── SUPPLIED MATERIAL

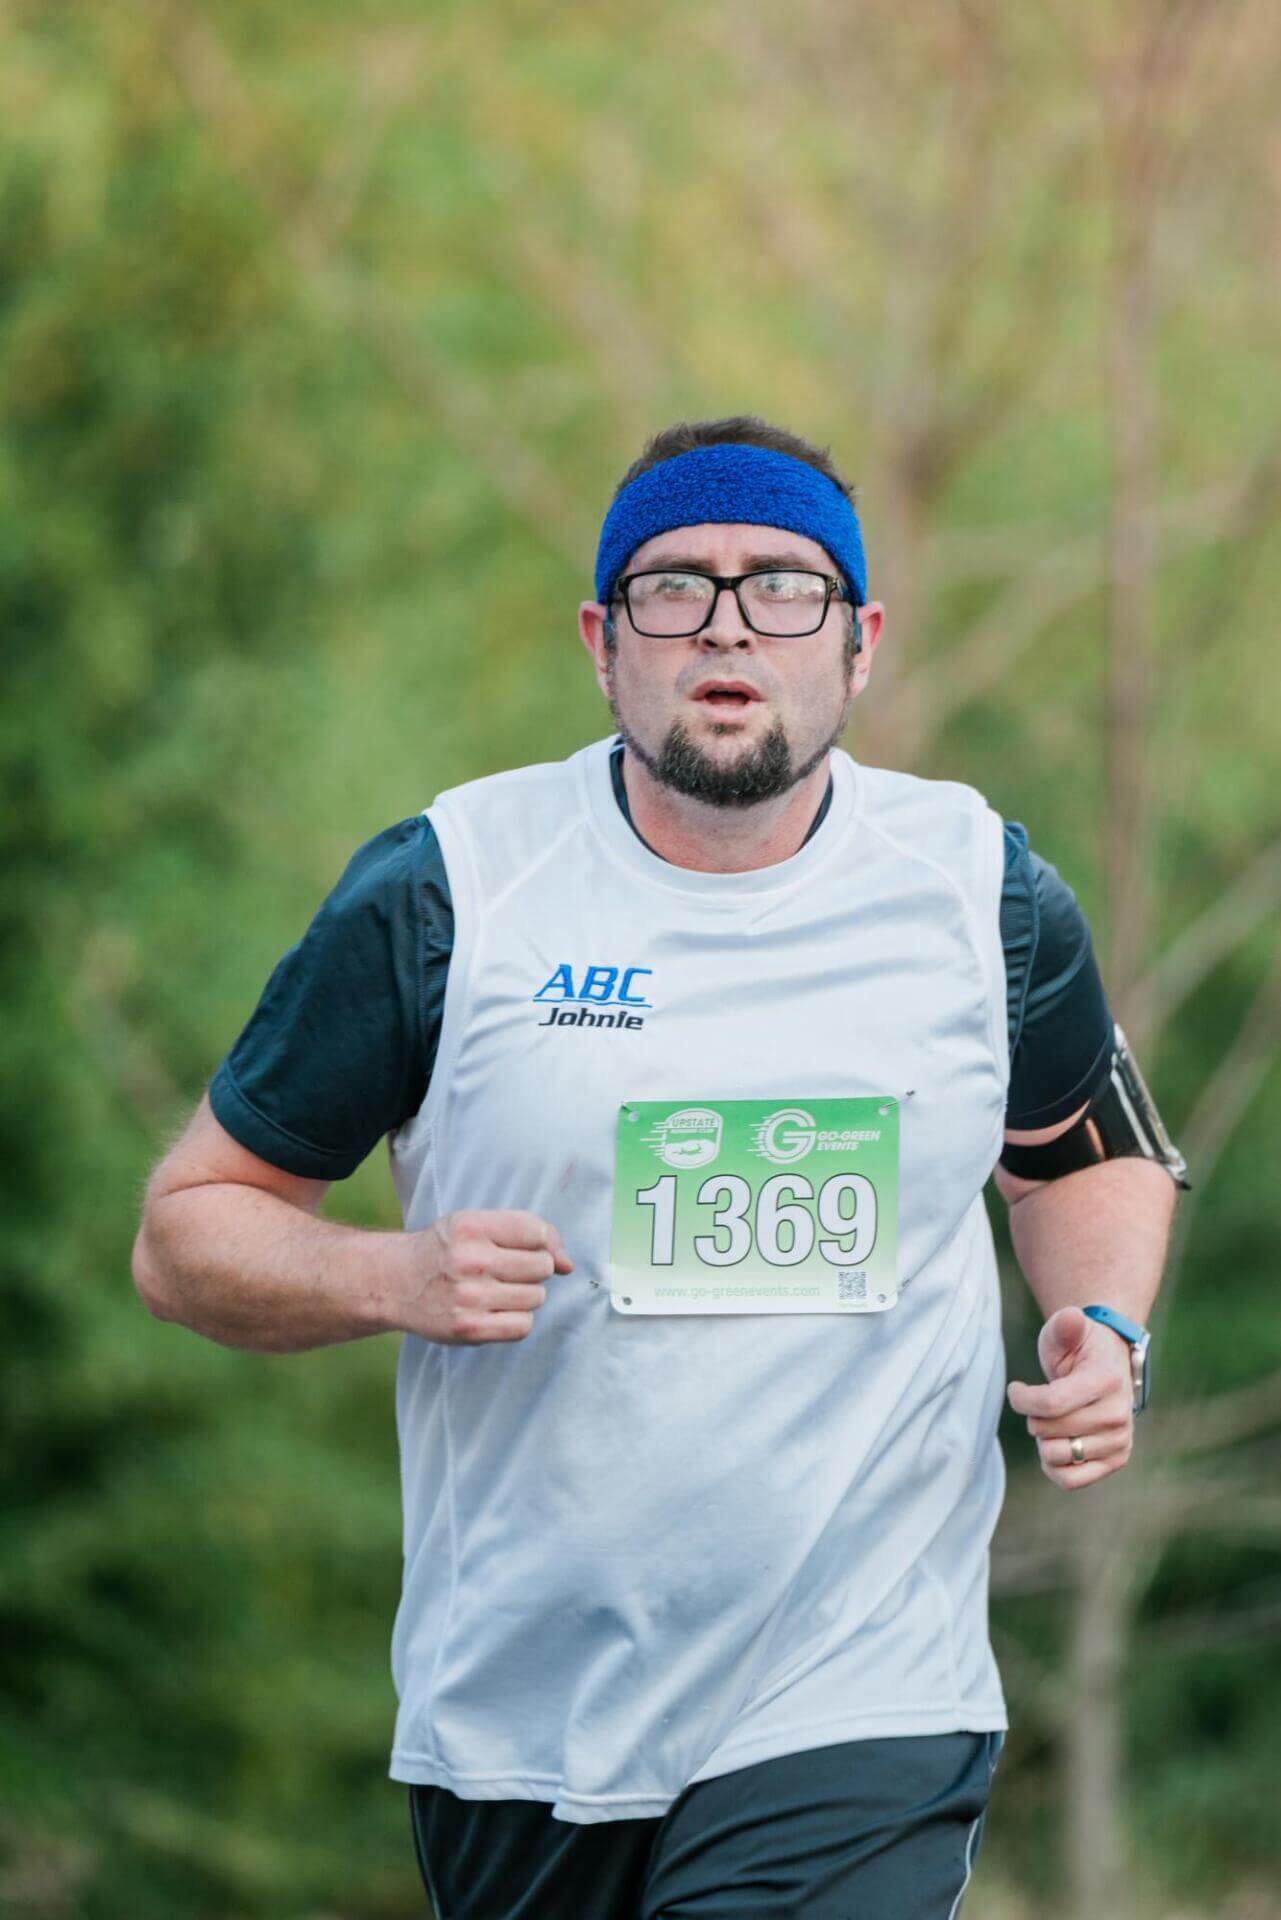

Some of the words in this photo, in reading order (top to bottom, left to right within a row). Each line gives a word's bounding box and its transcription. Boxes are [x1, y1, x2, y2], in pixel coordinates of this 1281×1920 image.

[534, 963, 653, 1002] ABC
[538, 1007, 644, 1030] Johnie
[672, 1117, 716, 1128] UPSTATE
[816, 1130, 881, 1142] GO-GREEN
[816, 1141, 859, 1151] EVENTS
[635, 1172, 878, 1267] 1369
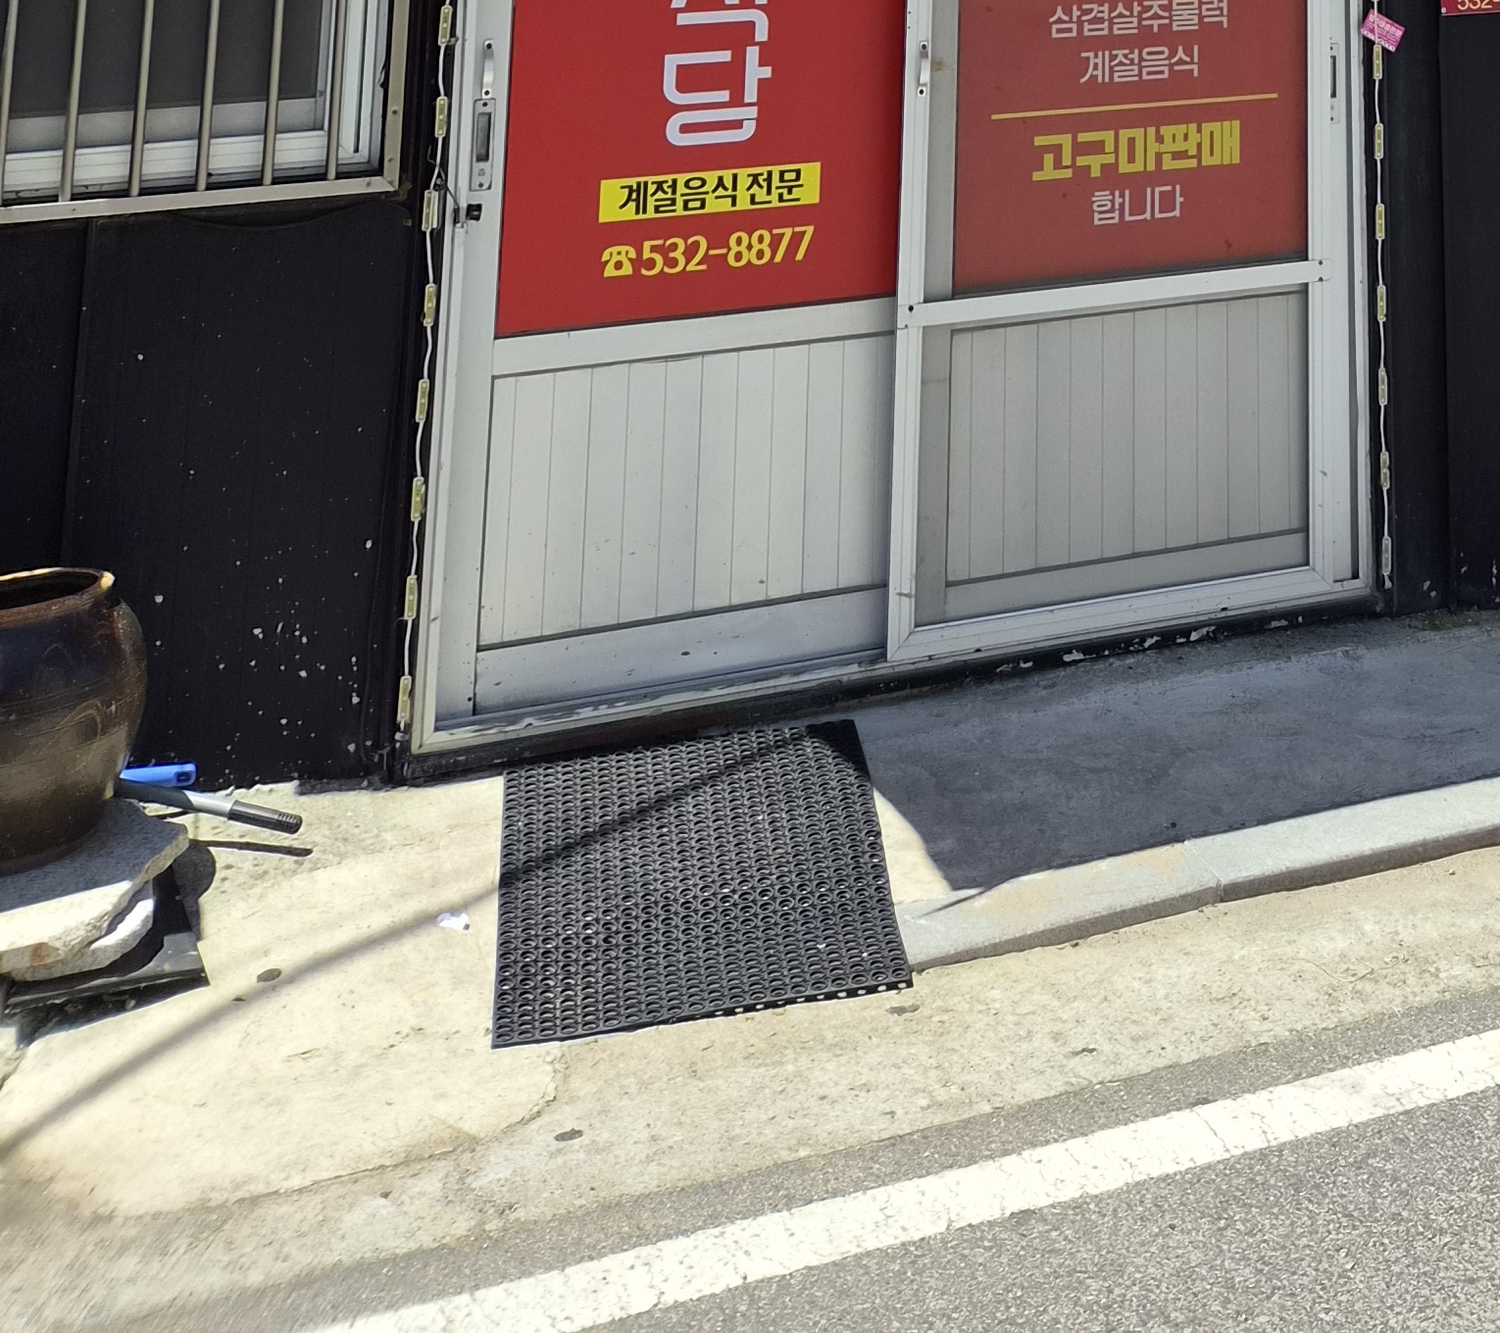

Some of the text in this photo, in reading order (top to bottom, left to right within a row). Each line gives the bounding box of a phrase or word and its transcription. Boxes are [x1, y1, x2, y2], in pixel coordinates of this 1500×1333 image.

[1079, 45, 1200, 84] 계절음식
[1031, 120, 1241, 181] 고구마판매
[618, 168, 805, 217] 계절음식 전문
[1091, 185, 1184, 226] 합니다
[640, 225, 815, 277] 532-8877
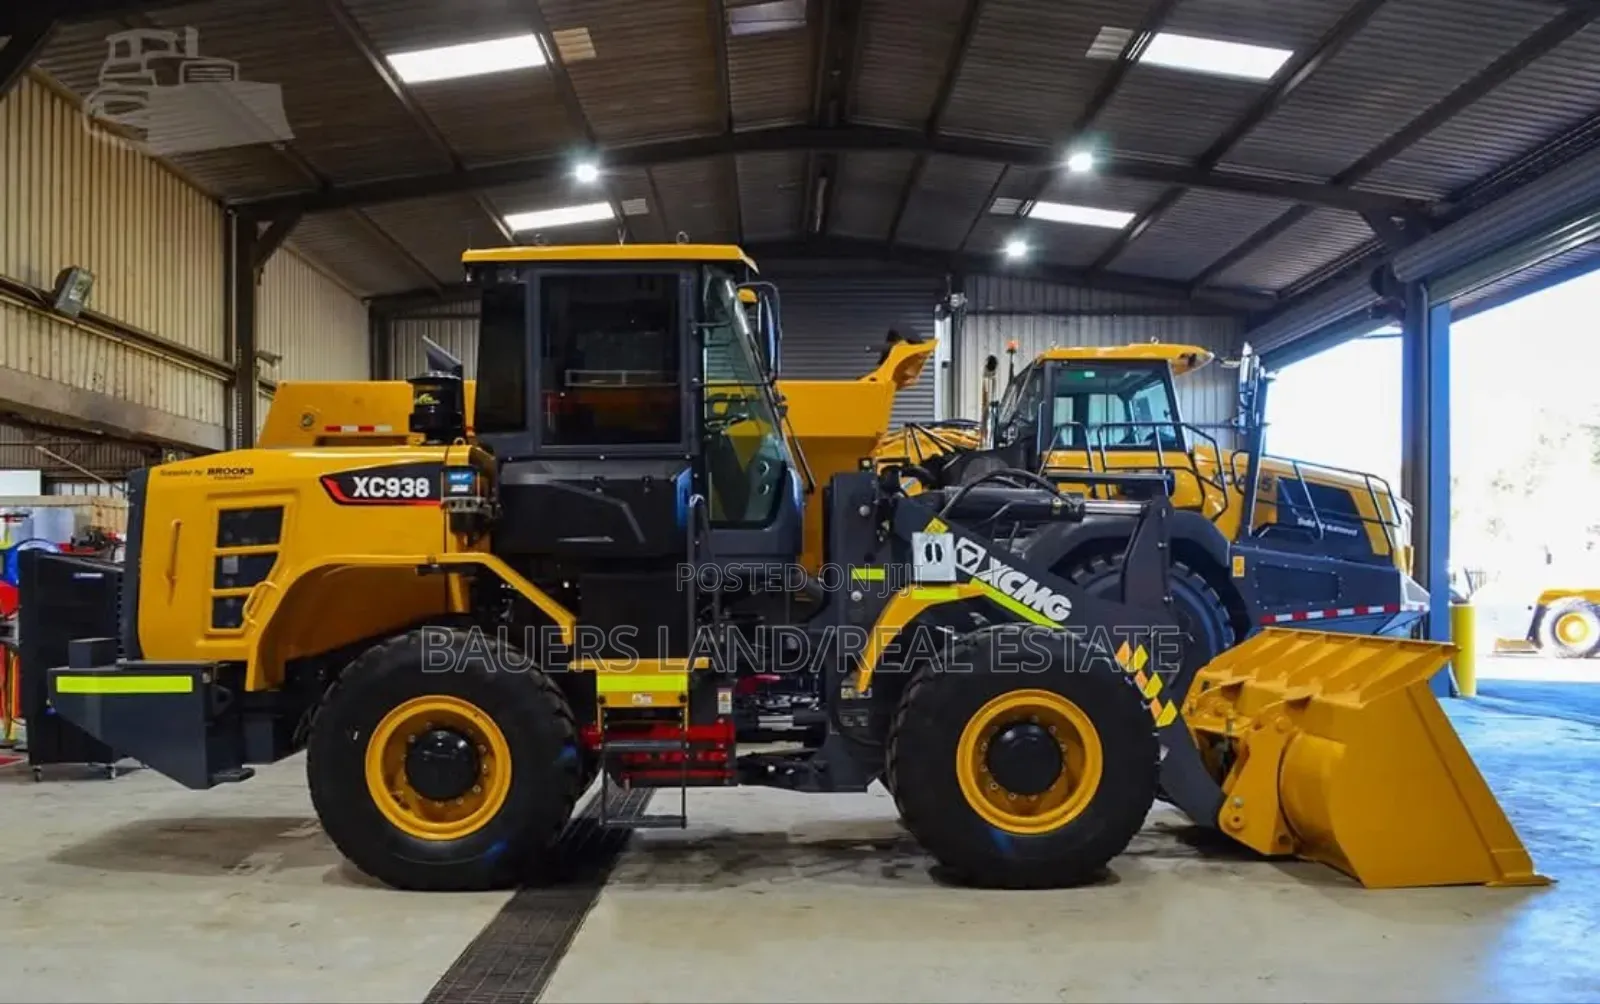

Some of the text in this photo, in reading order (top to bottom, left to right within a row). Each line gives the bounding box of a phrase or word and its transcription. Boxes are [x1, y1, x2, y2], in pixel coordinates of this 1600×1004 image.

[207, 467, 254, 476] BROOKS
[352, 476, 430, 498] XC938
[974, 556, 1072, 621] XCMG

────

* _REQUIREMENT_
Print exactly the lines from the one containing "this 1600×1004 image." through the last line of the records above, both included.

* _FINAL ANSWER_
Some of the text in this photo, in reading order (top to bottom, left to right within a row). Each line gives the bounding box of a phrase or word and its transcription. Boxes are [x1, y1, x2, y2], in pixel coordinates of this 1600×1004 image.

[207, 467, 254, 476] BROOKS
[352, 476, 430, 498] XC938
[974, 556, 1072, 621] XCMG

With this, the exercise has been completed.